Speech to text in the browser with the Web Speech API

Phil Nash on February 10, 2020

The Web Speech API has two functions, speech synthesis, otherwise known as text to speech, and speech recognition, or speech to text. We previously...

Read full post

netsi1964 🙏🏻 • Feb 11 '20 • Edited

On iOS (and Android?) when you can input text using keyboard you already have the option to speak to text, simple by pressing the microphone button - just as a sidenote :-)

Phil Nash • Feb 11 '20

Oh but I bet we can build much more powerful and interesting interfaces if we have the control over the speech recognition rather than hoping for users to press that button!
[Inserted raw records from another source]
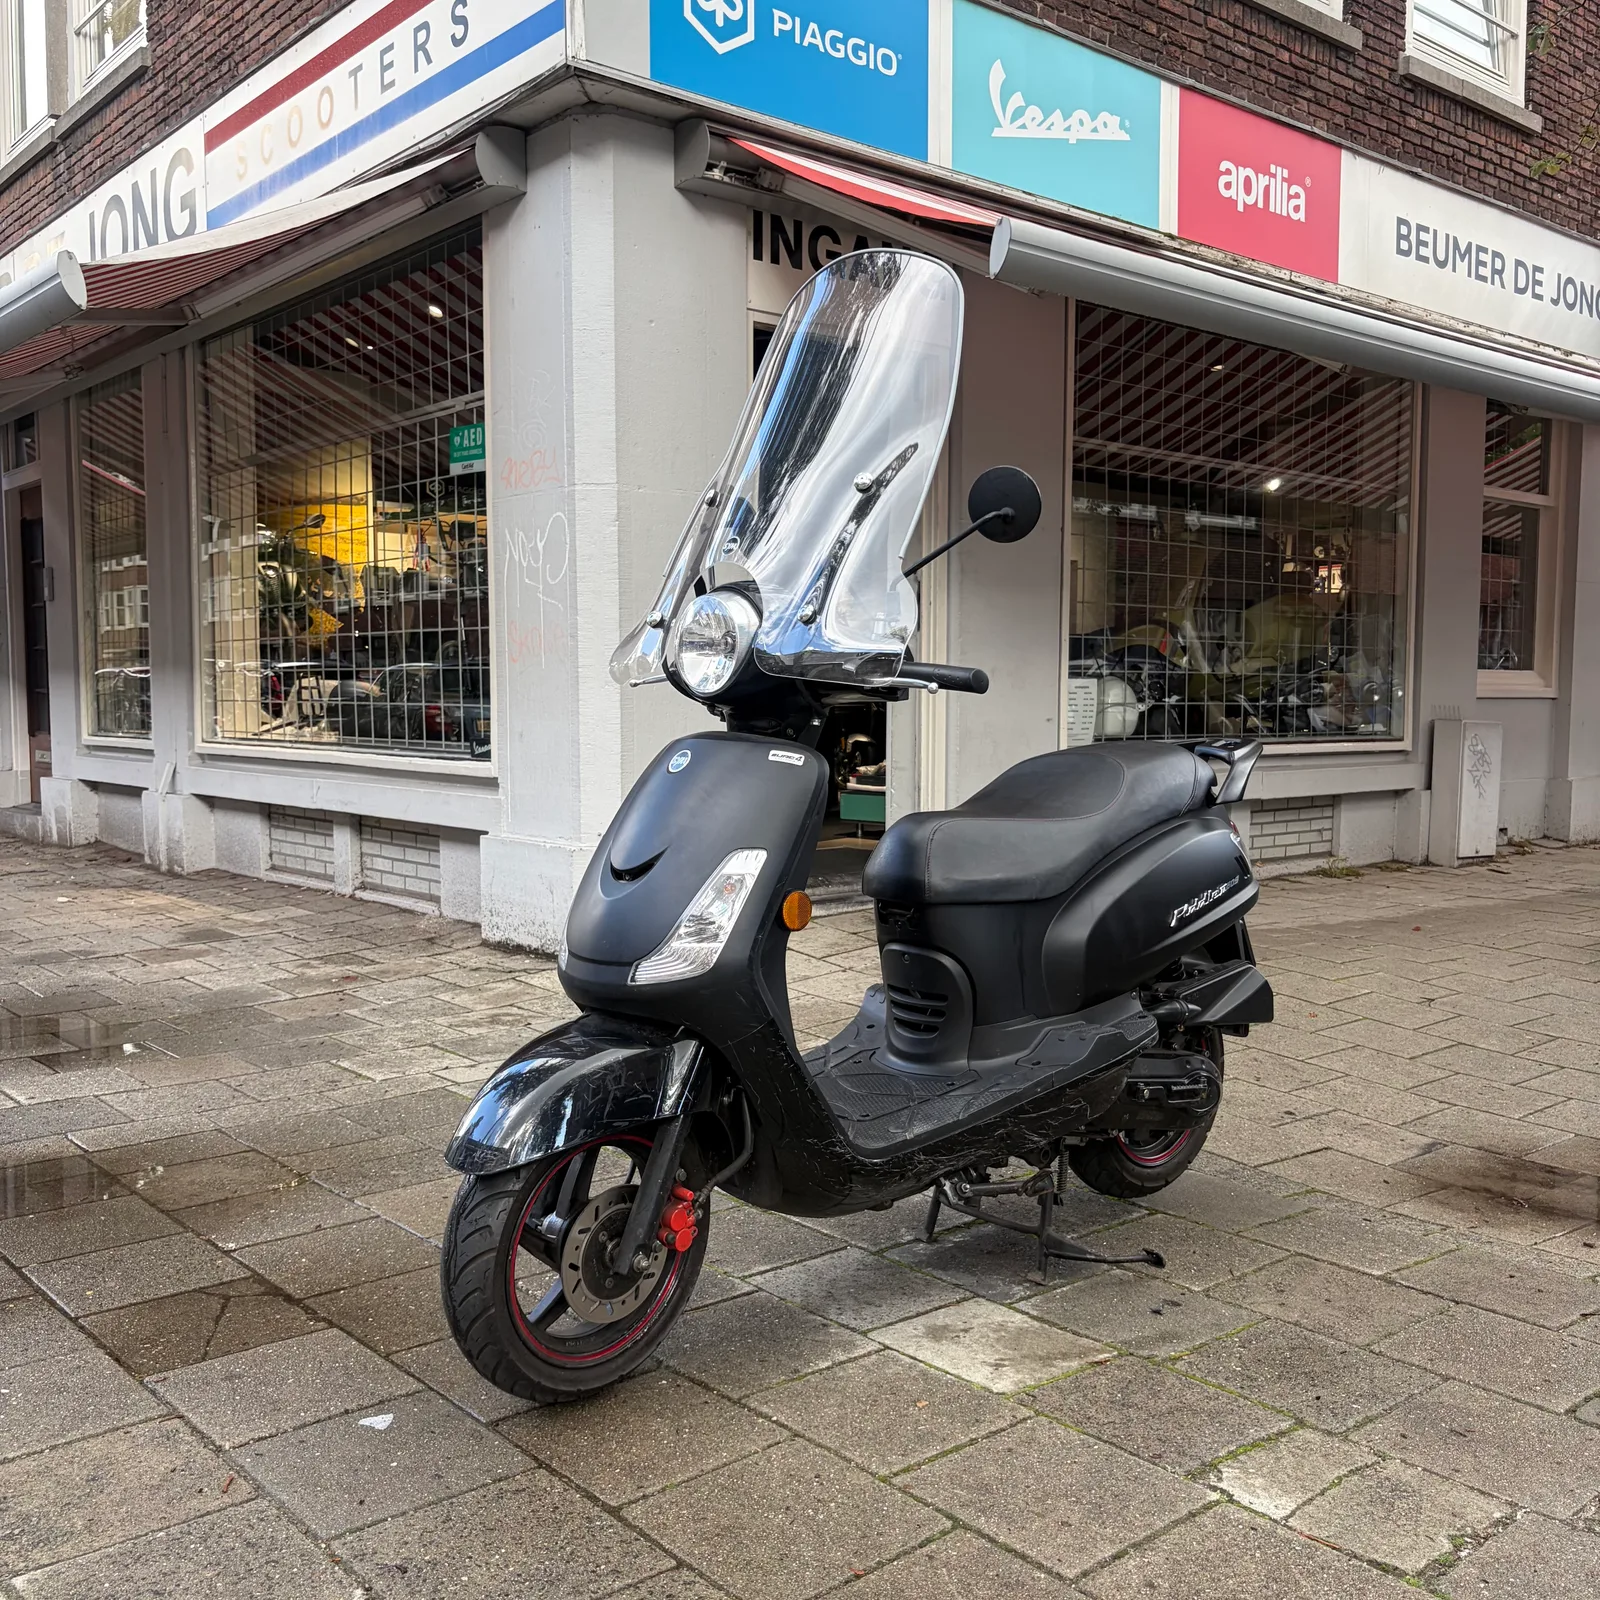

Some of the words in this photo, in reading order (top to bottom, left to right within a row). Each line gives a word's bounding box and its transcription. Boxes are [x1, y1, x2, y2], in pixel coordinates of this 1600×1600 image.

[772, 8, 898, 76] PIAGGIO
[236, 0, 470, 181] SCOOTERS
[989, 59, 1131, 144] Vespa
[1218, 160, 1306, 223] aprilia
[1395, 216, 1506, 290] BEUMER
[1513, 258, 1545, 302] DE
[463, 427, 483, 448] AED
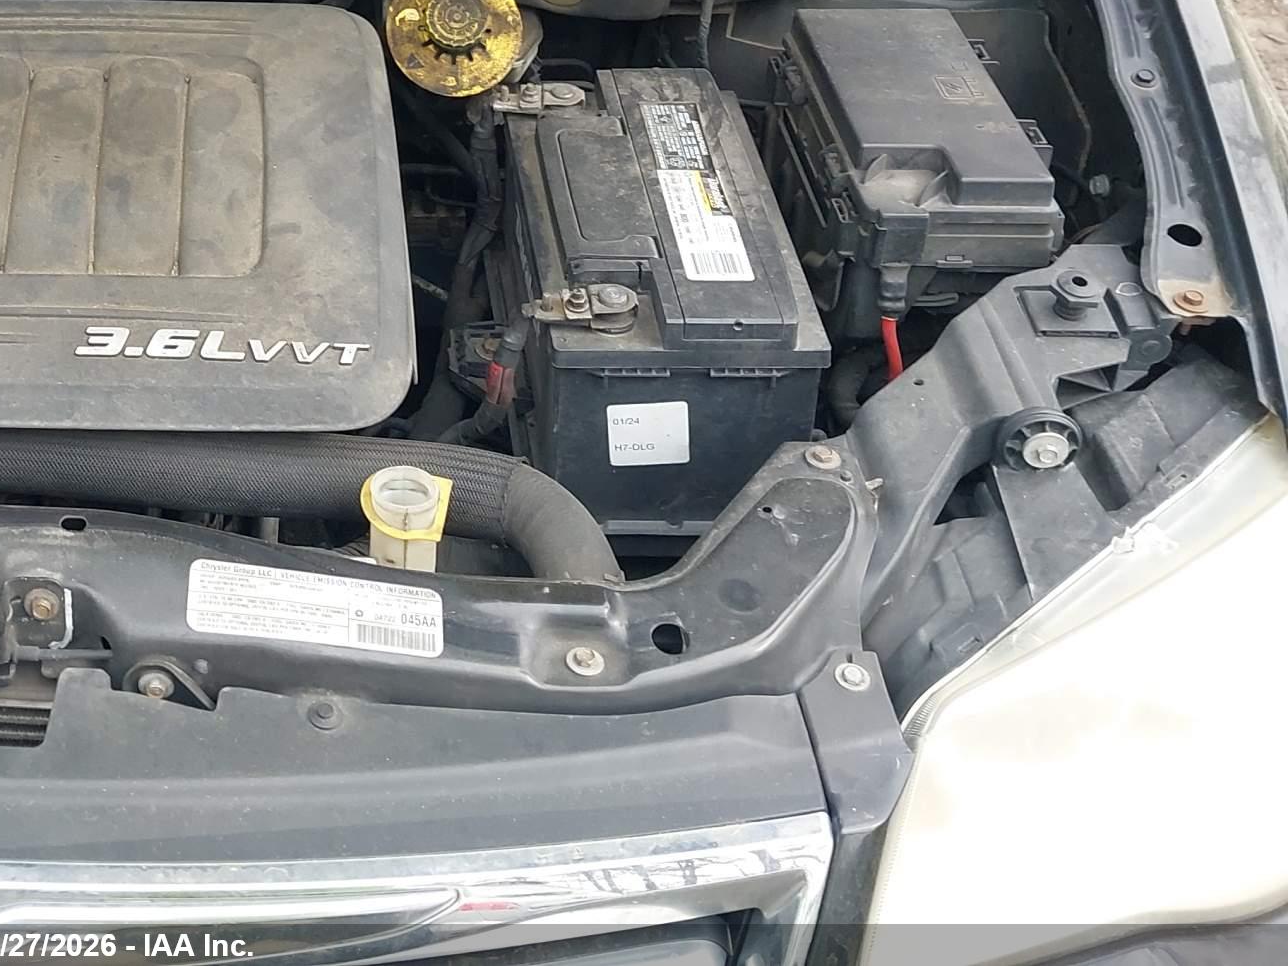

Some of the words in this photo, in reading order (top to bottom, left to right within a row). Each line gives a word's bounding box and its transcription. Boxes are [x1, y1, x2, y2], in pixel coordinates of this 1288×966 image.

[613, 417, 640, 426] 01/24
[614, 443, 655, 452] H7-DLG
[201, 561, 231, 572] Chrysler
[233, 566, 256, 576] Group
[258, 568, 273, 577] LLC
[313, 575, 347, 587] EMISSION
[350, 581, 383, 592] CONTROL
[386, 586, 437, 599] INFORMATION
[401, 613, 437, 627] 045AA
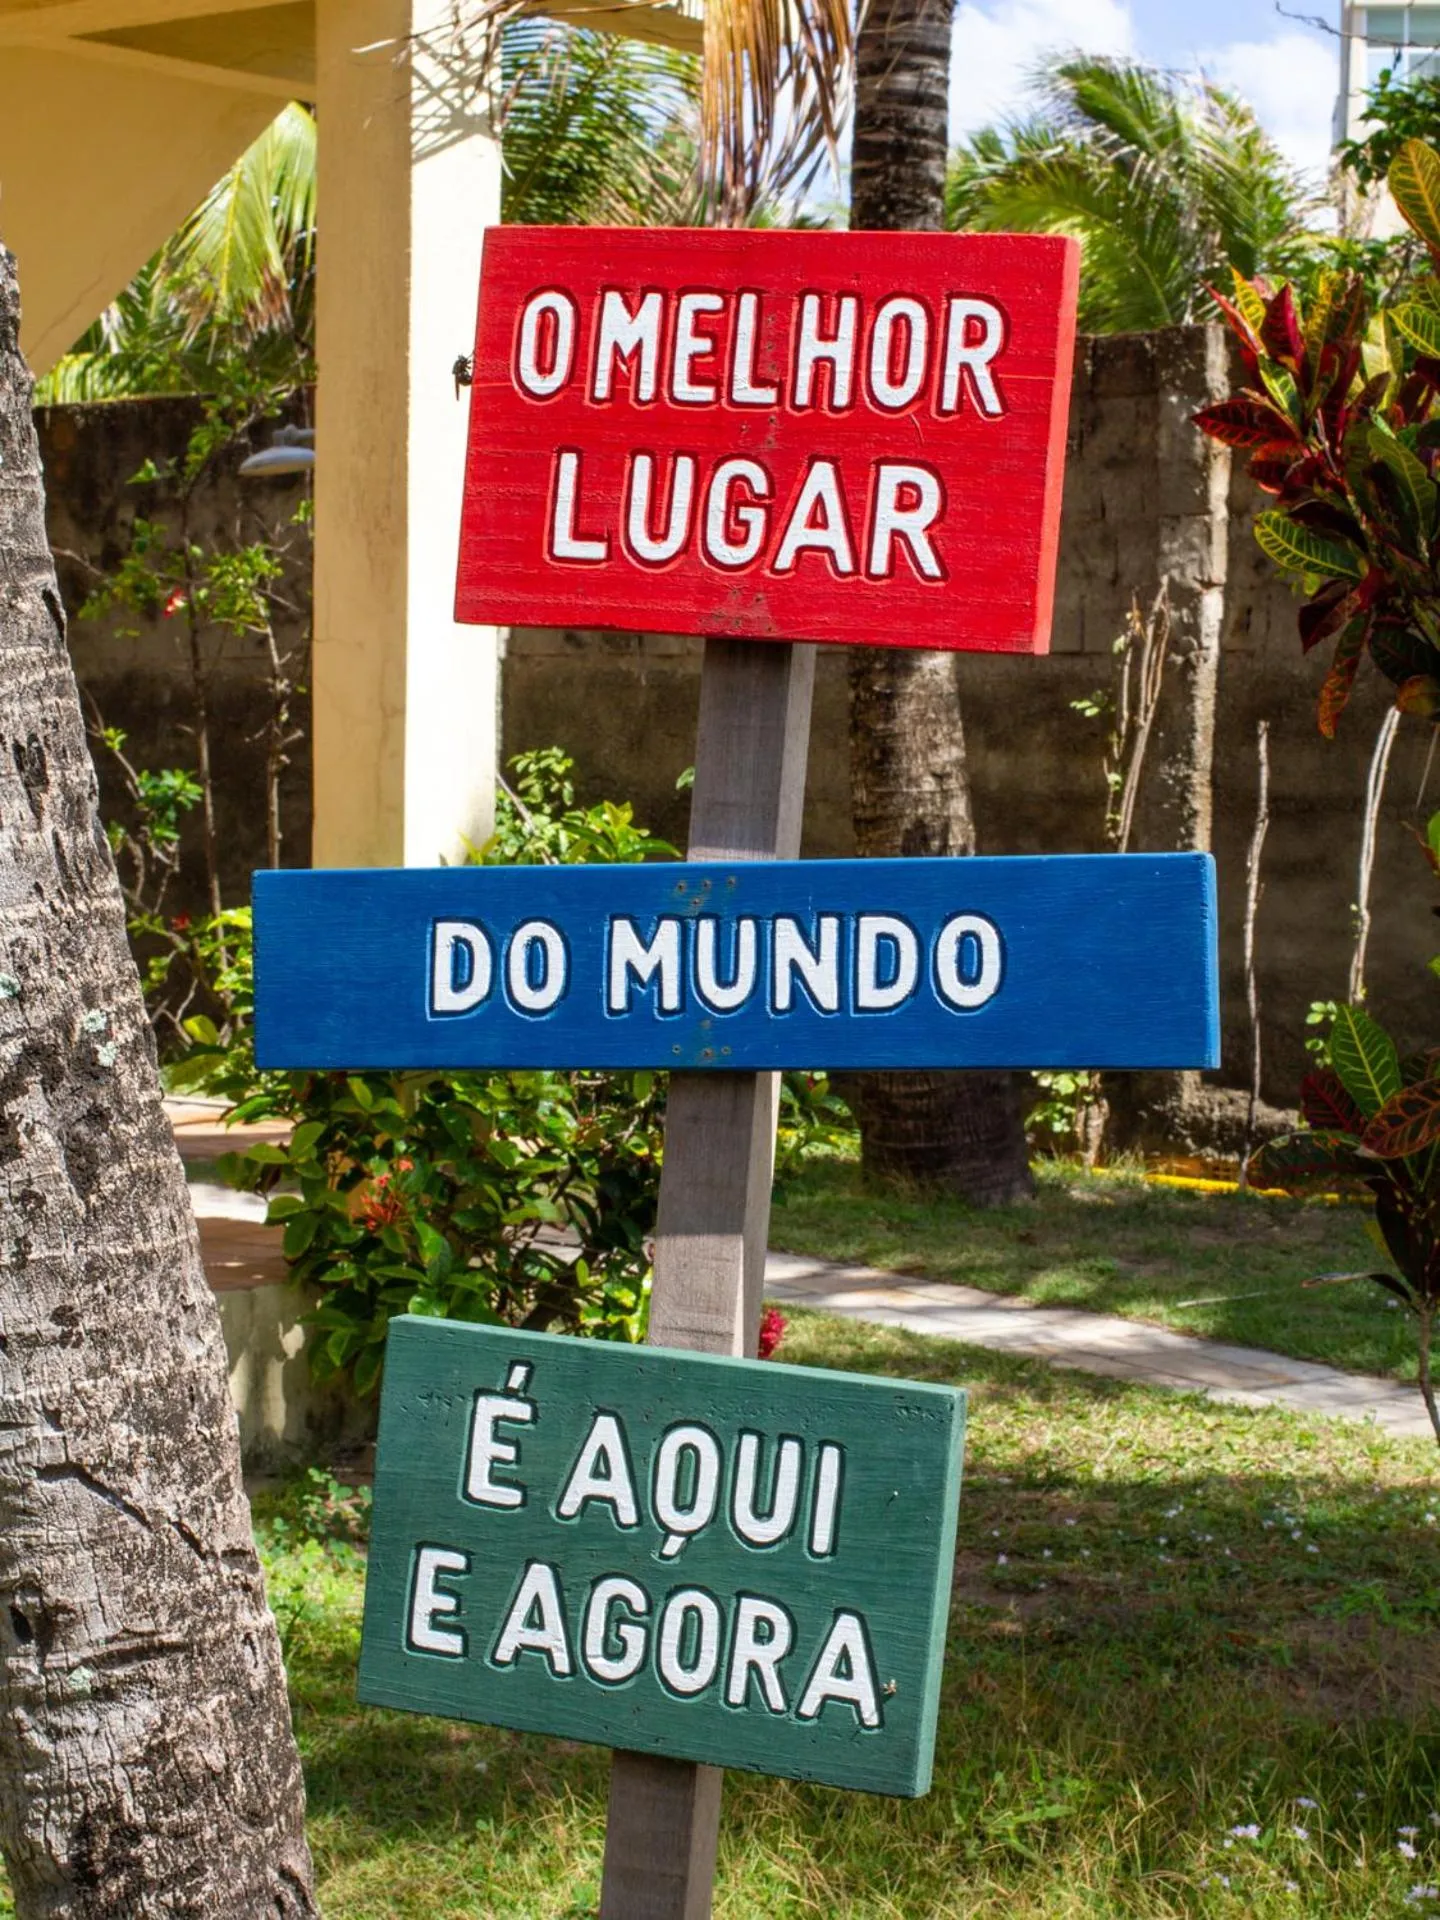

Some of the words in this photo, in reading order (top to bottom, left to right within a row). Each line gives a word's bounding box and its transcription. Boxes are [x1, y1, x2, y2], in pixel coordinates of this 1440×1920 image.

I will be doing more work with this in the future, so keep an eye out for more posts on how we can work with this.

Pablo • Feb 11 '20

Very nice one, Phil!

Phil Nash • Feb 11 '20

Thanks Pablo! 😊

Mark Davies • Feb 11 '20

I really hope this becomes a thing detached from the browser, this would be a cool thing to have as an api you can plug an play anywher e you want it

Phil Nash • Feb 11 '20

Behind this browser API is the Google Cloud Speech API and there are plenty of other speech to text APIs available, like Amazon Transcribe, IBM Watson Speech to Text and Azure Speech-to-Text that you can use in any application to achieve this. For example, here's a blog post on how to use the Google Cloud Speech API to live translate a Twilio phone call.

The benefits of the browser API are that it is free, you have to pay for any of those APIs to use them directly, and you don't have to handle the streaming connection to the API, the browser does it for you.